= Human rights in Zimbabwe =

There were widespread reports of systematic and escalating violations of human rights in Zimbabwe under the regime of Robert Mugabe and his party, ZANU-PF, between 1980 and 2017.

According to human rights organisations such as Amnesty International and Human Rights Watch the government of Zimbabwe violates the rights to shelter, food, freedom of movement and residence, freedom of assembly and the protection of the law. There are assaults on the media, the political opposition, civil society activists, and human rights defenders.

Opposition gatherings are frequently the subject of brutal attacks by the police force, such as the crackdown on an 11 March 2007 Movement for Democratic Change (MDC) rally. In the events, party leader Morgan Tsvangirai and 49 other opposition activists were arrested and severely beaten by the police. Edward Chikombo, a journalist who sent images of the beatings to foreign media, was abducted and murdered a few days later. After his release, Morgan Tsvangirai told the BBC that he suffered head injuries and blows to the arms, knees and back, and that he lost a significant amount of blood. The police action was strongly condemned by the UN Secretary-General, Ban Ki-moon, the European Union and the United States. While noting that the activists had suffered injuries, the source of injury was not disclosed, the Zimbabwean government-controlled daily newspaper The Herald claimed the police had intervened after demonstrators "ran amok looting shops, destroying property, mugging civilians, and assaulting police officers and innocent members of the public". The newspaper also argued that the opposition had been "wilfully violating the ban on political rallies".

==Police repression==
There is a widespread consensus among human rights organisations that systematic violations of the right of personal freedom and integrity are frequent in Zimbabwe, especially towards suspected members of the political opposition. The violations are perpetrated by government supporters as well as law enforcement agencies, and include assaults, torture, death threats, kidnappings and unlawful arrests and detentions.

In 1999, three Americans – John Dixon, Gary Blanchard and Joseph Pettijohn – claimed to have been tortured after their arrest. The trial judge accepted their evidence of torture and gave them lenient sentences after their conviction for weapons offences.

In the same year, Robert Mugabe condemned judges at Zimbabwe's Supreme Court who asked him to comment on the illegal arrest and torture, by state security services, of two journalists, Mark Chavunduka and Ray Choto.

The law enforcement agencies are a major source of human rights abuses in Zimbabwe. According to Human Rights Watch there have been a growing number of cases in which police have assaulted and tortured opposition supporters and civil society activists.

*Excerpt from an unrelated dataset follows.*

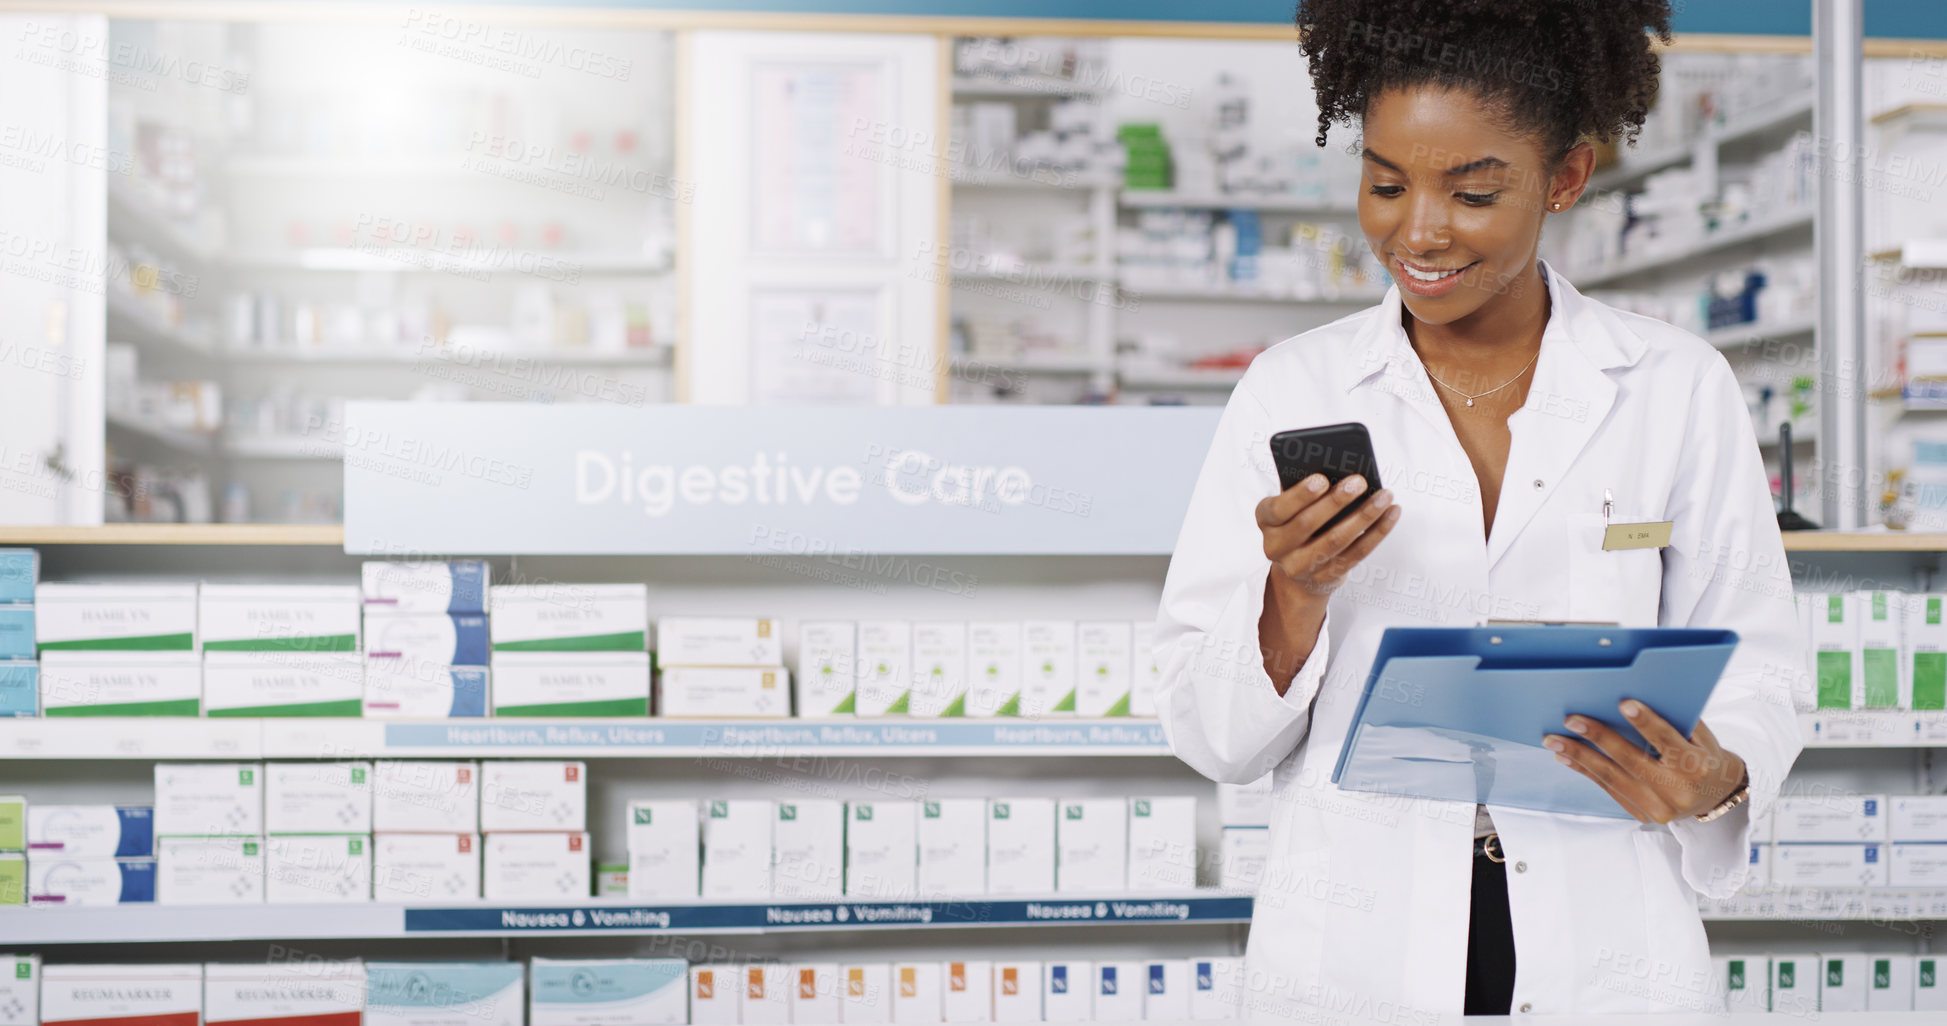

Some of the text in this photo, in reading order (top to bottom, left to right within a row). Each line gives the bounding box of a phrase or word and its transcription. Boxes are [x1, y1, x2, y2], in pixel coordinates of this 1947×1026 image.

One notable case was the arrest and subsequent beatings of a group of trade union activists, including the president and secretary general of the Zimbabwe Congress of Trade Unions, at Matapi police station, following peaceful protests on 13 September 2006. The unionists were initially denied medical and juridical assistance.

Another similar case was the arrest of student activist leader Promise Mkwanazi on 29 May 2006. Mkwanazi was detained at a police station in Bindura for five days without charge. During that time he was repeatedly stripped, shackled and beaten with batons by policemen, who accused him of trying to overthrow the government. He had been the subject of constant police surveillance since 2000 due to his involvement in MDC party rallies and recruitment with assistance from fellow members and former student activists Tafadzwa Takawira and Tendai Ndira, who had also been victims of police brutality, torture and unlawful detention in cells which were of inhuman conditions and poor sanitary standards with non-flushing toilets and little air ventilation within the cells.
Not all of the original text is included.